An Equal Music - First Edition cover

May all our fiction selections this year be as satisfying as An Equal Music! Eight of us enjoyed reading and discussing it, avidly offering our responses to Vikram Seth’s long excursus into the arcane world of chamber music and its dedicated practitioners.

Sunil, Mathew, Esther, Priya, KumKum reading Julia's letter

We learnt about book-cricket and wondered which Eden we would now be inhabiting had Adam been born with a snake-eating habit. Aphorisms and allusions fill this novel with verbal riches.

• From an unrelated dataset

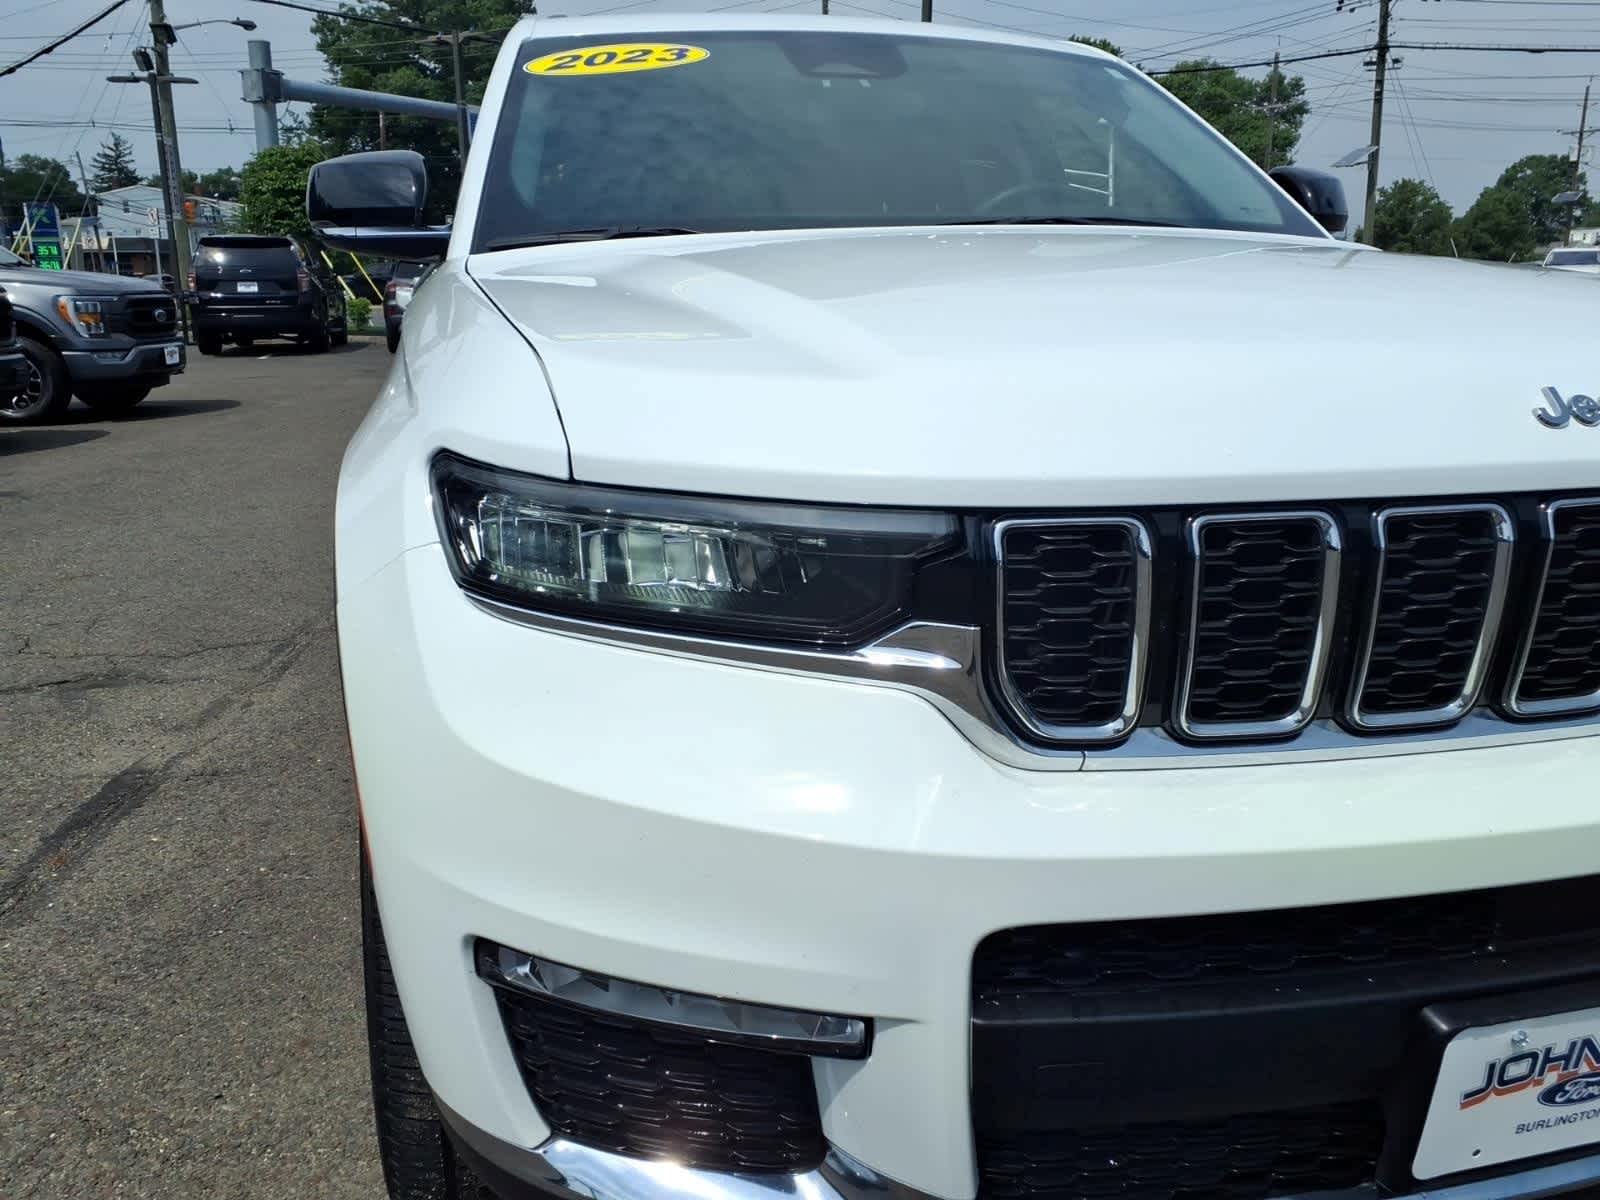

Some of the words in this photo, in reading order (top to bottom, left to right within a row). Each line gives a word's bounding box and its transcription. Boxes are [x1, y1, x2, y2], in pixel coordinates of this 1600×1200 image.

[544, 48, 689, 71] 2023
[1532, 386, 1600, 429] Je
[1554, 1076, 1600, 1103] For

Priya reads about Billy the cellist making expansive gestures on the open string

There is the mandatory Onegin stanza at the head of every novel by Vikram Seth, this one dedicated to his (former) lover Philippe Honoré. A discussion with him on a walk, standing on a bridge over the Serpentine, started VS off on his novel. He writes:
Our story lit with borrowed powers
Rather, by what our spirits burned,
Embered in words, to us returned.

Thommo signing the Association of Parties articles making KRG a legal entity

The epigraph by Donne, reminds us of what qualities Paradise will have – among them
no noise nor silence, but one equal music  

KumKum, Gopa, Thommo, Sunil, Mathew


How wonderful to experience that here and now on this earth!

Esther, Gopa, KumKum, Thommo, Mathew, Sunil, Joe (Priya left early)

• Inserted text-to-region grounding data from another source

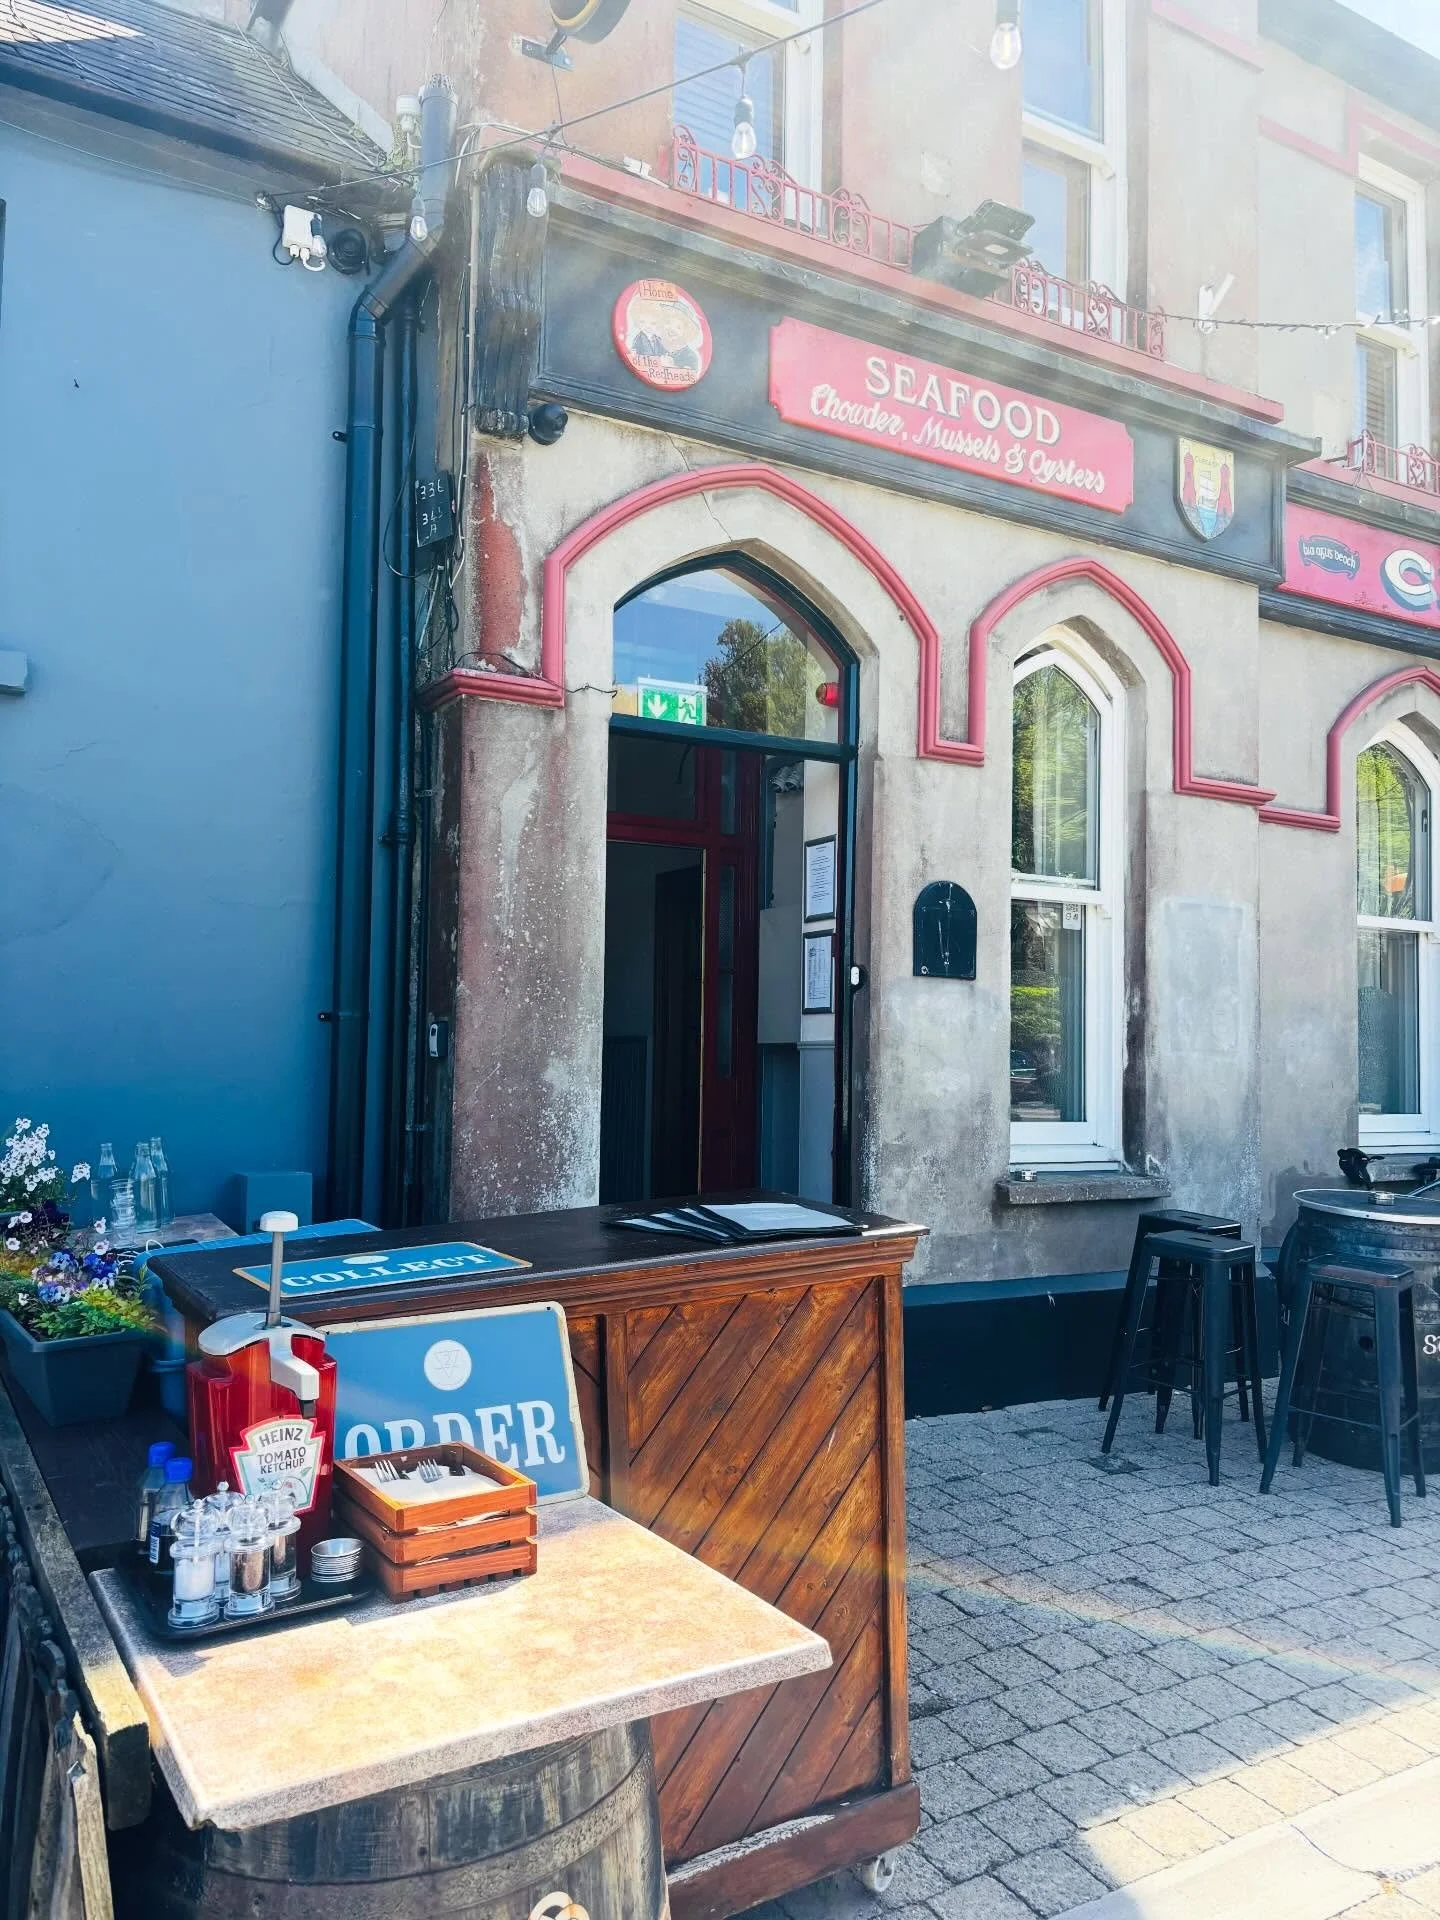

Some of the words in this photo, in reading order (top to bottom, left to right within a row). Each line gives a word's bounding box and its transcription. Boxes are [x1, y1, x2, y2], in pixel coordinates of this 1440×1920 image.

[642, 281, 674, 298] Home
[645, 356, 658, 367] the
[648, 367, 696, 383] Redheads
[865, 356, 1061, 445] SEAFOOD
[912, 416, 1001, 463] Mussels
[1004, 443, 1026, 474] &
[1029, 449, 1105, 494] Oysters
[281, 1254, 492, 1287] COLLECT
[259, 1427, 304, 1447] HEINZ
[257, 1446, 306, 1465] TOMATO
[260, 1458, 305, 1474] KETCHUP

To read the full account click below ...

An Equal Music by Vikram Seth
Reading on Feb 20, 2014



Vikram Seth at the Hay Festival in Kerala 2010 –  Surprised by my camera

Present: Esther, KumKum, Priya, Joe, Thommo, Sunil, Mathew, Gopa
Absent: Talitha (out of town), Zakia (busy with mil), Ankush (out of town on work), Preeti (?)


These are the dates for the next two sessions:
Fri Mar 21, 2014: Practice for Shakespeare Festival reading by KRG on Sat Apr 26
Fri Mar 28, 2014: Oscar and Lucinda by Peter Carey

Esther who chose the book introduced Vikram Seth to the readers. She read out from her smartphone web– based information about Vikram Seth (amader Bikrom, as he was called at the Kolkata Lit Fest Jan 25-30, 2014). A brief outline of his wonderful and adventurous life is at the wiki site:

Because he is such an accessible person, readers will find many interviews scattered on the web. See:
for a straightforward bio.

 “All of us are pretty much in her shade,” VS says of his mother, [Leila Seth] crediting her with encouraging him to write Two Lives.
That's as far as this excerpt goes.